TASK TO CARRY OUT
Each record below must be reproduced exactly as it reads, with its images omitted.

── DATASET ENTRIES

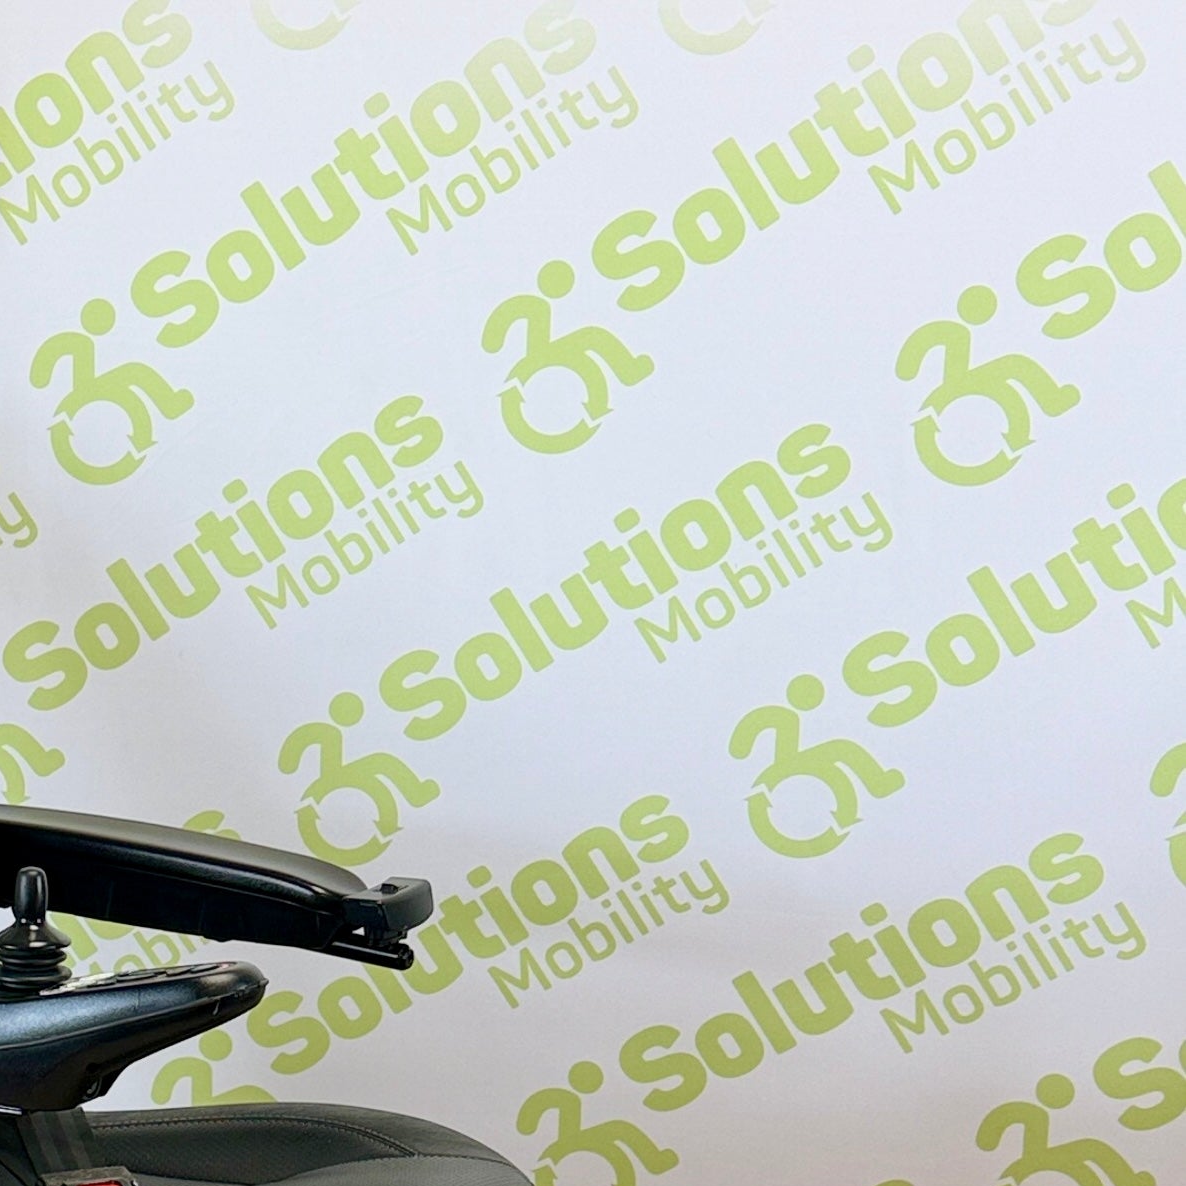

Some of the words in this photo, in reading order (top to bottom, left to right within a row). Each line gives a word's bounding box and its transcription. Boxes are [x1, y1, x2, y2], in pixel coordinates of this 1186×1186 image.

[130, 0, 596, 347] Solutions
[386, 66, 639, 254] Mobility
[868, 17, 1147, 214] Mobility
[2, 395, 443, 711] Solutions
[246, 461, 484, 629] Mobility
[379, 423, 851, 741] Solutions
[634, 492, 893, 662] Mobility
[488, 860, 730, 1008] Mobility
[619, 833, 1104, 1112] Solutions
[881, 903, 1147, 1053] Mobility
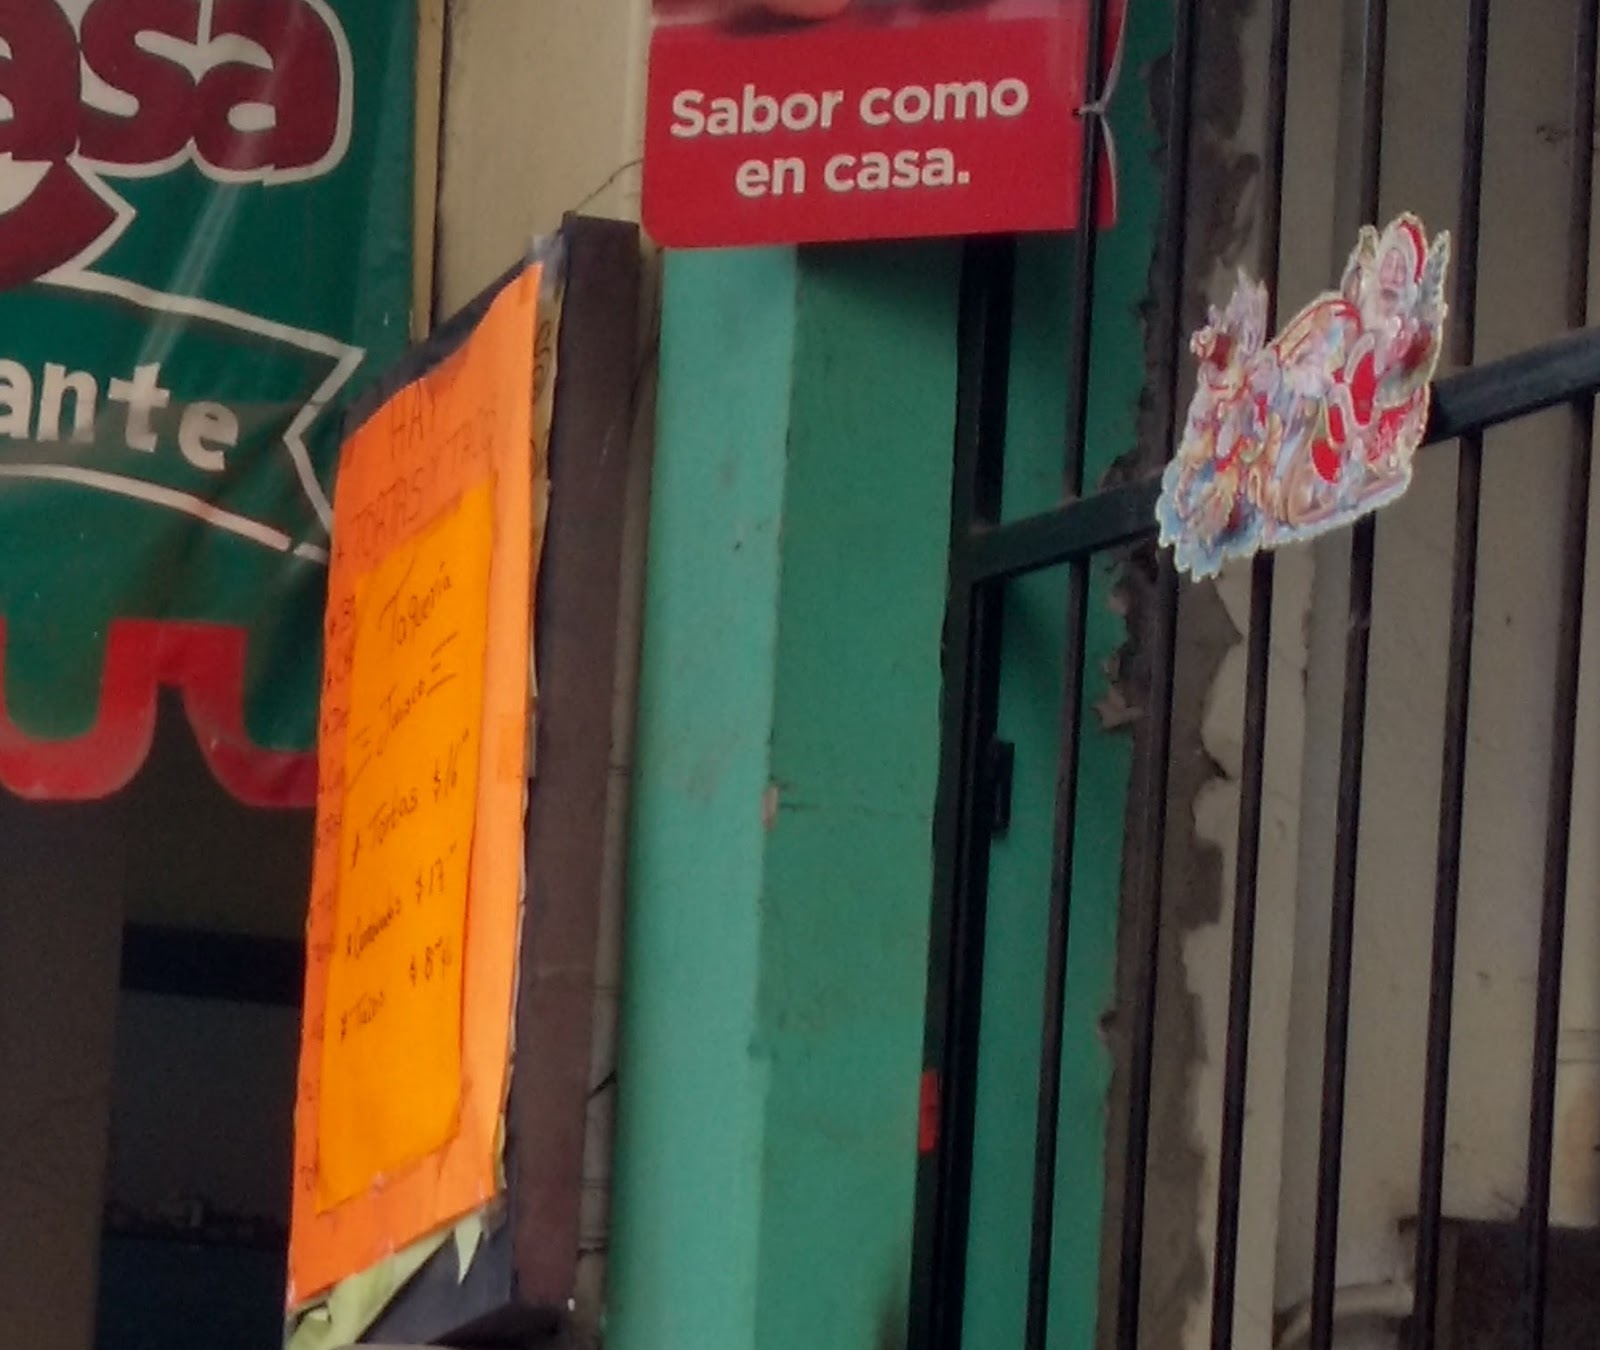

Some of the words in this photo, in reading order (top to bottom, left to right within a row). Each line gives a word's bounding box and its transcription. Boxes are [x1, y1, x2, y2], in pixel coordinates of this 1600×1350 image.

[670, 83, 845, 139] Sabor
[859, 73, 1030, 127] como
[734, 156, 806, 198] en
[823, 146, 971, 194] casa.

────

FINISHED TASK
Some of the words in this photo, in reading order (top to bottom, left to right within a row). Each line gives a word's bounding box and its transcription. Boxes are [x1, y1, x2, y2], in pixel coordinates of this 1186×1186 image.

[130, 0, 596, 347] Solutions
[386, 66, 639, 254] Mobility
[868, 17, 1147, 214] Mobility
[2, 395, 443, 711] Solutions
[246, 461, 484, 629] Mobility
[379, 423, 851, 741] Solutions
[634, 492, 893, 662] Mobility
[488, 860, 730, 1008] Mobility
[619, 833, 1104, 1112] Solutions
[881, 903, 1147, 1053] Mobility

Some of the words in this photo, in reading order (top to bottom, left to right within a row). Each line gives a word's bounding box and its transcription. Boxes are [x1, y1, x2, y2], in pixel coordinates of this 1600×1350 image.

[670, 83, 845, 139] Sabor
[859, 73, 1030, 127] como
[734, 156, 806, 198] en
[823, 146, 971, 194] casa.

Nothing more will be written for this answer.